Ultimately, Dan and my editors have read _The First Heretic_, and absolutely loved it. So I'm not exactly worried about its reception. But everyone likes different things. That's just life. I look at people who think _Galaxy in Flames_ is the best Horus Heresy novel and I wonder if they're from a different planet to me. I look at people who hate _Legion_ and I think the same thing.


----------



## Baron Spikey (Mar 26, 2008)

Lord of the Night said:


> Im guessing that it wasn't always so. Mike Lee, Mitchel Scanlon and Ben Counter all have a single novel in the Horus Heresy series and then no more. I imagine that the response to one of their novels prompted the invitation-only policy of the Heresy series, either that or all three of those novels.
> 
> I know that Ben Counter isn't anymore but are Mike Lee and Mitchel Scanlon still on the Horus Heresy team?.


Ben Counter has written 2 HH novels- Galaxy in Flames and Battle for the Abyss.


If Reynolds had put as much into the Word Bearers as, say, Raymond E.Feist has into the Midkemia books then I'd agree and say he should have dibbs on them. But he's written 3 novels on them, from mainly a single warband's point of view- wow he's really captured the entire legion there


----------



## bobss (May 18, 2008)

Dead.Blue.Clown said:


> I write completely differently to Anthony Reynolds, and with the greatest respect to him (as a fan of his Bretonnia work), Scions of the Storm didn't hit the Word Bearer-related things I'd been looking for in the Heresy. I found it hard to believe that the one Legion ever to fail the Emperor in the Great Crusade - and worshipped him as a god for 100 years - was chastised in a way that only got mentioned at a captains' meeting.
> 
> It's interesting to see the difference of expectation, even across different forums. Here's pretty much the only place I've seen where even a couple of people are curiously, but adamantly, resistant to the idea of anyone else touching the Word Bearers - or are somehow worried about it.
> 
> Ultimately, Dan and my editors have read _The First Heretic_, and absolutely loved it. So I'm not exactly worried about its reception. But everyone likes different things. That's just life. I look at people who think _Galaxy in Flames_ is the best Horus Heresy novel and I wonder if they're from a different planet to me. I look at people who hate _Legion_ and I think the same thing.


I enjoyed Scions of the Storm immeasurably. For a short-story it accomplished what it strived to achieve: giving us, the reader, an insight or glimmer into the hierachy of the Word Bearers, the rammifications of Lorgar`s reprimand by the Emperor, yet more of Erebus` slanderous demeanour, but still leaving ample intruige, confusion and debate. Besides, Erebus seemed pretty riven with Chaos at the time, Kor Phaeron is but the typical (from the Short, in my own opinion) and loyal Astartes and Sor Talgron as the doubtful, Emperor-loyal protagonist... again, from the extract...

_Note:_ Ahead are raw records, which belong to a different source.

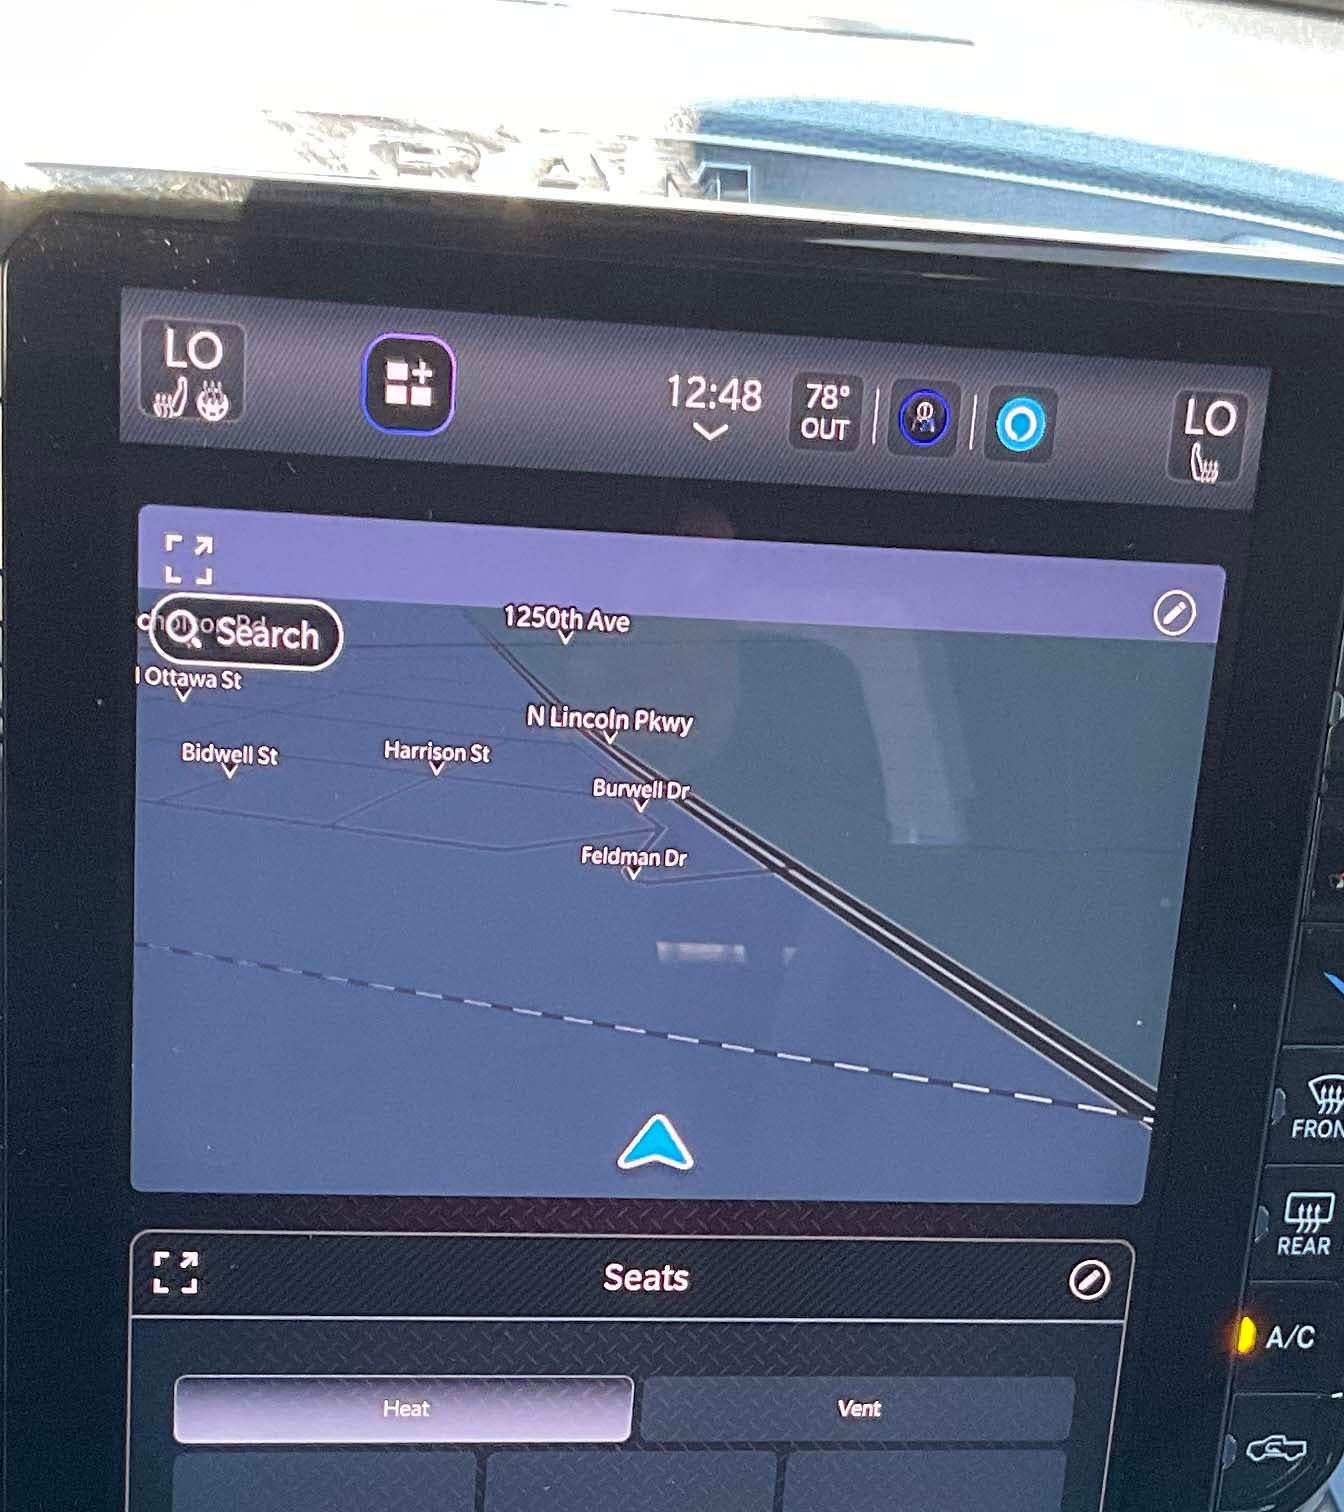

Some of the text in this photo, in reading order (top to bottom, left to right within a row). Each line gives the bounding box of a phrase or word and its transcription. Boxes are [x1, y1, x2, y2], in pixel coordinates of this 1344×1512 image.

[166, 333, 222, 369] LO
[668, 375, 761, 411] 12:48
[806, 383, 850, 410] 78°
[801, 417, 851, 440] OUT
[1185, 400, 1234, 437] LO
[504, 605, 630, 633] 1250th Ave
[217, 617, 320, 649] Search
[145, 667, 217, 688] Ottawa
[221, 671, 242, 690] St
[528, 705, 693, 737] N Lincoln Pkwy
[182, 743, 278, 766] Bidwell St
[384, 741, 491, 763] Harrison St
[593, 779, 690, 800] Burwell Dr
[581, 846, 687, 868] Feldman Dr
[1277, 1237, 1331, 1256] REAR
[602, 1263, 689, 1293] Seats
[1265, 1325, 1316, 1349] A/C
[382, 1399, 429, 1418] Heat
[837, 1399, 880, 1418] Vent

Dont get me wrong, I`m not particularly against You doing the Word Bearers, I just feel Reynolds` work upon the Legion has really propelled them, and yes, I am curious, if not adamant and a little anxious about The First Heretic`s overall impact on the look of the Legion, though of course this is but your interpretation. As for Spikey`s.... comment.... then McNeill has but written of the 4th Company Ultramarines, and wields the major decision concerning the Sons of Guilliman (Macragge Battle Novel possible) alongside the Iron Warriors, Dan Abnett upon the Alpha Legion, James Swallow the Blood Angels, with the intention of writing their conflict on Signus Prime... Sure, the warband from the Word Bearer`s Trilogy are but one splinter of the Legion, but the series serves as a microcosm for the Legion as a whole...

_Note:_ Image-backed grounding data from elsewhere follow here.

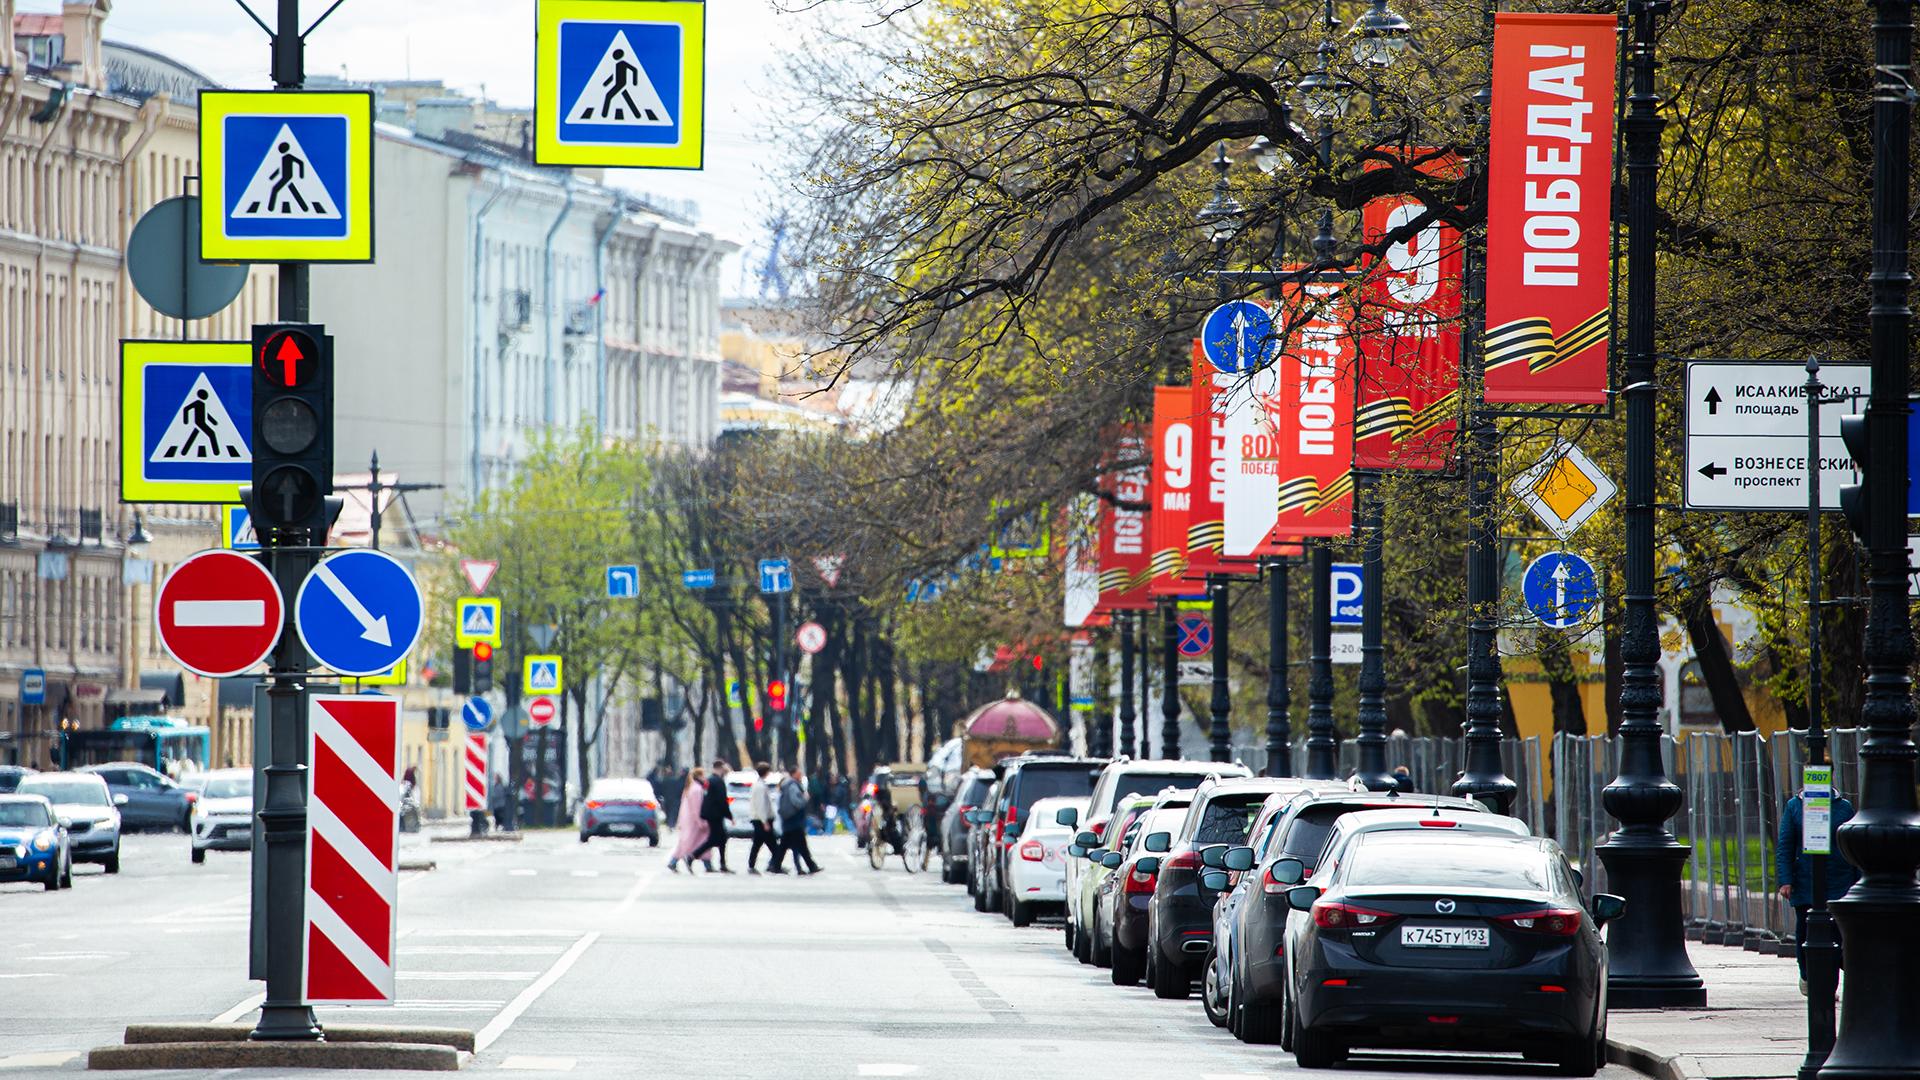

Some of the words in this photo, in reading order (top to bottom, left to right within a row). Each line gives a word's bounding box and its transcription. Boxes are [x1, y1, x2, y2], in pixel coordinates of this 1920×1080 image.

[1523, 44, 1593, 286] ПОБЕДА!
[1386, 204, 1440, 304] 9
[1735, 385, 1861, 398] ИСААКИЕСКАЯ
[1735, 405, 1799, 416] площадь
[1164, 423, 1193, 489] 9
[1734, 457, 1856, 470] ВОЗНЕСЕСКИ
[1734, 476, 1801, 489] проспект
[1331, 571, 1363, 617] P
[1807, 773, 1828, 781] 7807
[1464, 929, 1485, 941] 193

As for reception? Heh, I certainly enjoyed_ Helsreach_, _Soul Hunter _was interesting, and frankly I could swear upon my right-hand that on ''here'' you will get heaped praise by many...


----------



## gothik (May 29, 2010)

as a lorgar fan (gotta love these zealot types they think thier way is right and no other way) i am truely looking foward to First Heretic and to agree with Baron and DA i am beginng to believe that the warmonger is sar talgon (did i spell that right) but i thought the warmonger was a chaplain/dark aspostle?? anyway i am off to buy hellsreach tomorrow and think i will listen to the salamanders audio that i haven't got round to listening to yet.


----------



## Baron Spikey (Mar 26, 2008)

bobss said:


> I enjoyed Scions of the Storm immeasurably. For a short-story it accomplished what it strived to achieve: giving us, the reader, an insight or glimmer into the hierachy of the Word Bearers, the rammifications of Lorgar`s reprimand by the Emperor, yet more of Erebus` slanderous demeanour, but still leaving ample intruige, confusion and debate. Besides, Erebus seemed pretty riven with Chaos at the time, Kor Phaeron is but the typical (from the Short, in my own opinion) and loyal Astartes and Sor Talgron as the doubtful, Emperor-loyal protagonist... again, from the extract...

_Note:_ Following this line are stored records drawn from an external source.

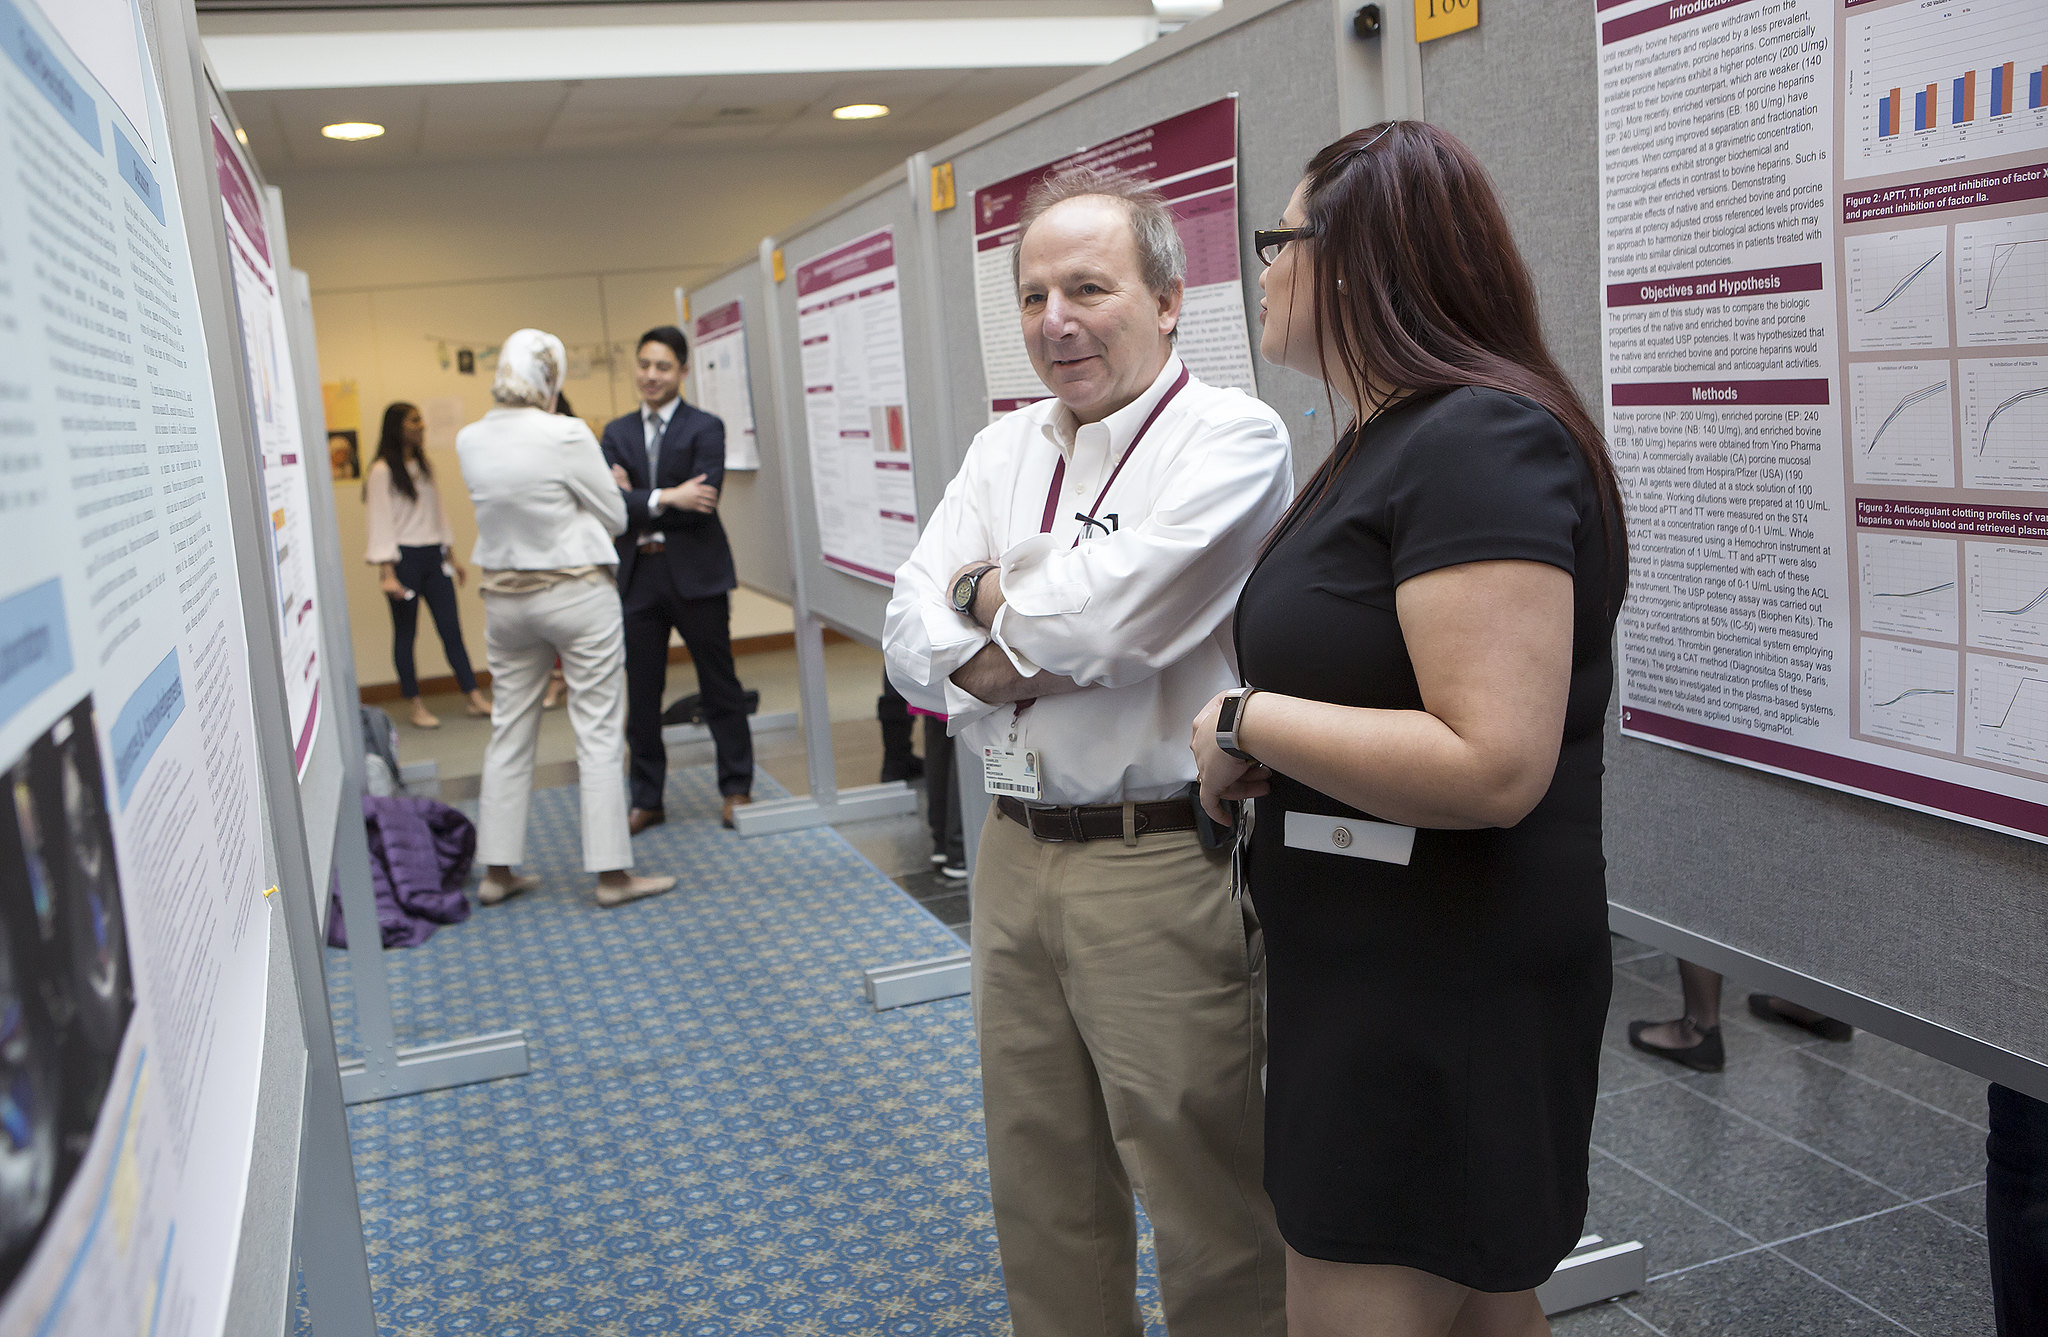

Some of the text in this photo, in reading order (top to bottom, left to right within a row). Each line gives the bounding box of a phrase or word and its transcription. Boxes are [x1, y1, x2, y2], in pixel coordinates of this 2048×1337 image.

[1670, 0, 1734, 20] Introduc
[1762, 0, 1795, 16] from the
[1750, 23, 1766, 35] less
[1758, 24, 1815, 48] Commercially
[1719, 36, 1827, 74] higher potency (200 U/mg)
[1769, 54, 1821, 76] weaker (140
[1746, 74, 1814, 99] porcine heparins
[1760, 91, 1807, 108] U/mg) have
[1710, 105, 1817, 135] separation and fractionation
[1715, 132, 1755, 150] gravimetric
[1727, 140, 1788, 161] biochemical and
[1795, 150, 1816, 164] Such
[1731, 173, 1785, 190] Demonstrating
[1748, 183, 1822, 202] bovine and porcine
[1846, 197, 1871, 207] Figure
[1873, 193, 1880, 203] 2:
[1882, 190, 1906, 201] APTT,
[1909, 188, 1921, 198] TT,
[1923, 183, 1956, 197] percent
[1958, 178, 1999, 190] inhibition
[2002, 174, 2011, 184] of
[2013, 172, 2040, 182] factor
[1724, 198, 1824, 220] referenced levels provides
[1845, 209, 1860, 219] and
[1862, 205, 1892, 219] percent
[1895, 201, 1934, 213] inhibition
[1937, 198, 1945, 207] of
[1947, 196, 1974, 206] factor
[1776, 215, 1818, 228] which may
[1744, 228, 1821, 249] patients treated with
[1657, 259, 1693, 272] equivalent
[1640, 274, 1780, 302] Objectives and Hypothesis
[1732, 298, 1809, 313] compare the biologic
[1761, 313, 1805, 326] and porcine
[1756, 327, 1824, 341] hypothesized that
[1730, 342, 1817, 357] porcine heparins would
[1717, 361, 1731, 370] and
[1733, 359, 1782, 370] anticoagulant
[1692, 386, 1737, 400] Methods
[1784, 411, 1818, 422] (EP: 240
[1760, 426, 1820, 435] enriched bovine
[1752, 440, 1820, 450] from Yino Pharma
[1748, 454, 1810, 465] porcine mucosal
[1706, 466, 1802, 480] Hospira/Pfizer (USA) (190
[1796, 484, 1812, 494] 100
[1777, 512, 1807, 523] the ST4
[1858, 502, 1882, 513] Figure
[1884, 503, 1891, 512] 3:
[1894, 504, 1949, 516] Anticoagulant
[1952, 508, 1984, 520] clotting
[1987, 511, 2020, 520] profiles
[2023, 512, 2032, 521] of
[1858, 513, 1891, 524] heparins
[1906, 517, 1929, 526] whole
[1932, 519, 1955, 528] blood
[1958, 521, 1973, 530] and
[1976, 523, 2015, 533] retrieved
[1788, 528, 1814, 539] Whole
[1779, 541, 1820, 554] instrument
[1778, 557, 1816, 568] were also
[1787, 571, 1809, 582] these
[1797, 586, 1828, 599] the ACL
[1762, 598, 1821, 612] was carried out
[1816, 617, 1832, 628] The
[1758, 625, 1817, 640] were measured
[1716, 630, 1833, 660] biochemical system employing
[1790, 658, 1831, 672] assay was
[1790, 685, 1811, 697] these
[1745, 690, 1798, 708] plasma-based
[1732, 715, 1751, 728] using
[1763, 708, 1819, 727] and applicable

If you considered Kor Phaeron to be a typical and loyal Astartes then Reynolds did something wrong as it was Kor Phaeron who corrupted Lorgar.


bobss said:


> Dont get me wrong, I`m not particularly against You doing the Word Bearers, I just feel Reynolds` work upon the Legion has really propelled them, and yes, I am curious, if not adamant and a little anxious about The First Heretic`s overall impact on the look of the Legion, though of course this is but your interpretation. As for Spikey`s.... comment.... then McNeill has but written of the 4th Company Ultramarines, and wields the major decision concerning the Sons of Guilliman (Macragge Battle Novel possible) alongside the Iron Warriors, Dan Abnett upon the Alpha Legion, James Swallow the Blood Angels, with the intention of writing their conflict on Signus Prime... Sure, the warband from the Word Bearer`s Trilogy are but one splinter of the Legion, but the series serves as a microcosm for the Legion as a whole...


Well there's an Ultramarine Battle novel coming out and it's not written by McNeill, neither was Battle for the Abyss or the forthcoming Heresy story concerning an Ultramarine and Salamander.

Abnett has done 1 book regarding the Alpha Legion- he has as much right to call dibbs on that Legion as Andy Hoare does with the White Scars.


----------



## Lord of the Night (Nov 18, 2009)

Baron Spikey said:


> Abnett has done 1 book regarding the Alpha Legion- he has as much right to call dibbs on that Legion as Andy Hoare does with the White Scars.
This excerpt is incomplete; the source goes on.